BENCHMARKING RESULTS

To make things simple and direct, here's the result :


Well, since I have nothing close to compare but you can scroll though the previous results of my old CPU benchmarks for comparisons, as for now I made a stock default vs overclocked results. 

As you can see, an overclock from the normal TurboCore 3.3Ghz speed to the 3.64Ghz there's a noticeable performance bump especially in graphics and multi-processor applications.

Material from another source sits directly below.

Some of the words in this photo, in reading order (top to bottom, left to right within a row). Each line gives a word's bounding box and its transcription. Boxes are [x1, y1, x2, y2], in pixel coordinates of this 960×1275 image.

First of all, the first thing is I had doubts on this processor's temperature but it turns out cool and stable indeed ! Good news is it runs very very cool at stock underclocked speed, when there are no intensive applications running then it'll will automatically under clock the six cores to 800Mhz thus making it cool. Even with full 3.3ghz under heavy stress, the CPU still tops around 50c~53c. The bad news is the stock processor heat sink fan is making too much roaring noise from the super fast spinning at 6 thousand RPMs (yes, 6k rpm !).

As for synthetic graphics benchmark,  the default marks generated was 5174 3Dmarks06 on CPU after overclocked, it poped up to 6295 with a 1k+ increment in marks. In Vantage, default clock scored 14k for CPU score while overclocked scored a kick ass 18k with 4k increment.

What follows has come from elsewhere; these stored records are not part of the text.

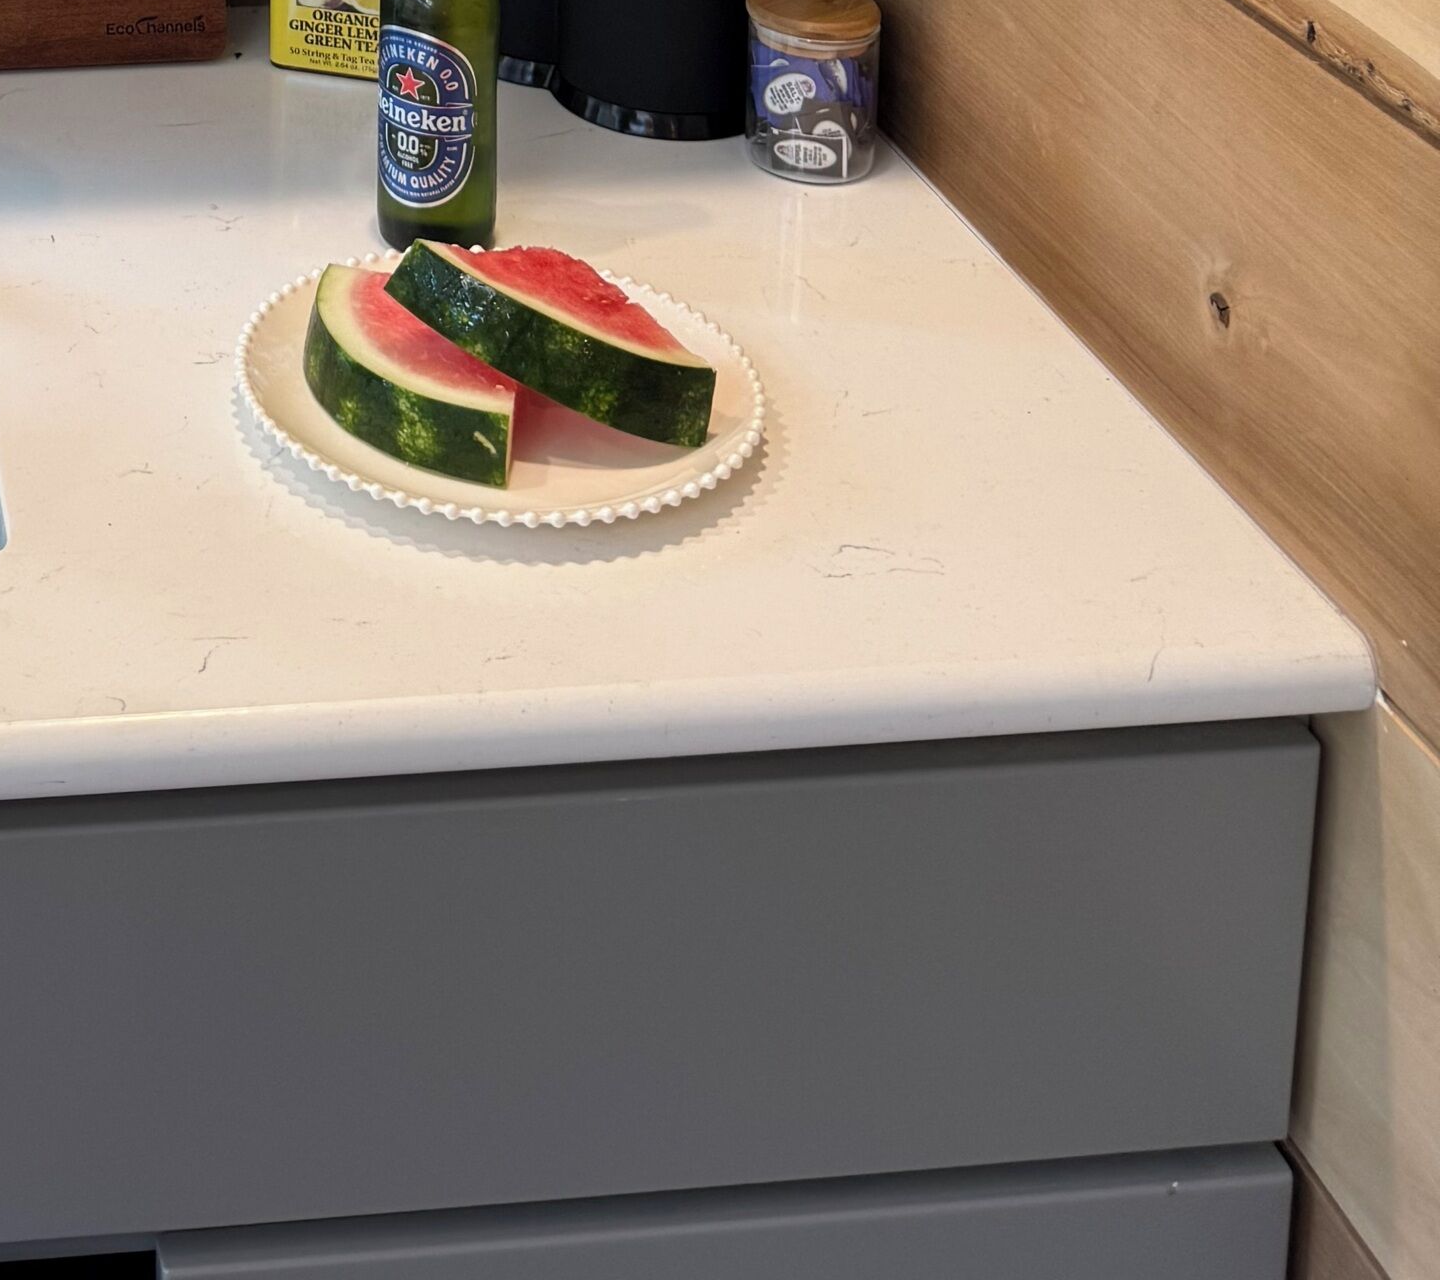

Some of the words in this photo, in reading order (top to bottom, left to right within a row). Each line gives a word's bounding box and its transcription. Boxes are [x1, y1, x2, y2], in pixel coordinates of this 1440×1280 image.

[312, 9, 380, 28] ORGANIC
[289, 19, 344, 36] GINGER
[347, 26, 378, 41] LEM
[304, 33, 352, 50] GREEN
[302, 48, 331, 61] String
[332, 52, 340, 60] &
[342, 53, 358, 65] Tag
[360, 57, 375, 65] Tea
[440, 68, 459, 91] 0.0
[397, 131, 420, 155] 0.0
[410, 155, 456, 189] QUALITY

In Crysis CPU benchmark, it scored a minimum 24.98 FPS and 79.06 FPS on maximum FPS, once overclocked the minimum frame-rate boosted to 49.51 FPS and 90 FPS for maximum.

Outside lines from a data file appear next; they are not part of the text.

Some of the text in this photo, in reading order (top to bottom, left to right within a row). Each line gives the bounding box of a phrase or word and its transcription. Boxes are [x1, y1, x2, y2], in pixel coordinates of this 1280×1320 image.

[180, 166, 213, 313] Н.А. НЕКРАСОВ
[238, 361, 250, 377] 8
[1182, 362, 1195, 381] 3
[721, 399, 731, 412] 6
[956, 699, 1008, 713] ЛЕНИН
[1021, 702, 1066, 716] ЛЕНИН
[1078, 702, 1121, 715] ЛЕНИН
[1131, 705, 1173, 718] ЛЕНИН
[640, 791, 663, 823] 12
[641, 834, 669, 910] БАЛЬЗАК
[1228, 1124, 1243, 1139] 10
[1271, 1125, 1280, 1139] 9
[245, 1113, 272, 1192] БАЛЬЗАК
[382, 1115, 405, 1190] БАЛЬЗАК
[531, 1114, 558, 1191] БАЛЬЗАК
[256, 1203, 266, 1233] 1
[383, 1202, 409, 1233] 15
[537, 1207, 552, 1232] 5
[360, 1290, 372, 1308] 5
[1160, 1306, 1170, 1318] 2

In PCWizard, the most noteable jumps between overclocked was the Processor Benchmark scores and the Memory Bandwidth  due to the increased clock speed of 1732Mhz on the DDR3 rams.

SISofrware Sandra 2010 SP2 showed us how much expected processing power especially on the calculation and cryptography strength. As you can notice the difference between the stock and overclocked, its a healthy jump. 

Cinebench R10 showed the need of having multi-threaded processors, the stock generated a 16k while the overclocked showed 19k with 3k increment in scores. Cinebench R11.5 with the new updated score system, the stock cpu generated 41.60 FPS on OpenGL renderer and 4.98 pts for CPU scores, on the overclocked conterpart it scored 43.44 frames and 6.35 pts. The OpenGL score didn't made a big jump due to the reason it's stressing the GPU more than the CPU. 

CONCLUSION

In conclusion, this set of stuffs costs a quarter less cheaper than the equally powefull Intel setup especially the Intel i5 750/760/860. Although its slower in synthetic benchmarks, in games they're equally fast and most of all AMD costs cheaper and with abit of overclocking you get the bang for your bucks.

On the AMD Phenom II X6 1055T, the processor is near perfect except for the HSF that made too much noise during full load. The heat generated is surprisingly cooling compare to the previous X4 , this might be due to the fast and loud HSF and underclocking functions and what's more ? it's running in a cramped SFF case that have a little close to not much space for cool air. Overrall , it kicked ass on price/performance but on the note of finding one is kinda hard during the first few months as the demand for the 1055T is mad.

As for the motherboard, a solid performer with tons of features, from the new USB 3.0 and SATA 6.0, Gigabyte included a function where the USB 3.0 can charge an iPhone even when the PC is turned off. I went to the gigabyte overclocking workshop sometime ago and the board they used was the Intel platform Gigabyte H55M and to me this board is unofficially its AMD counterpart.

The rams, man they kick ass ! a value ram with a bucket of overclockable performance, from 1333Mhz to and unexpected 1732Mhz , four sticks in dual channel ! By the way, i expect it'll be able to go higher but thats another time since the purpose of this review is focused on the CPU and the Motherboard.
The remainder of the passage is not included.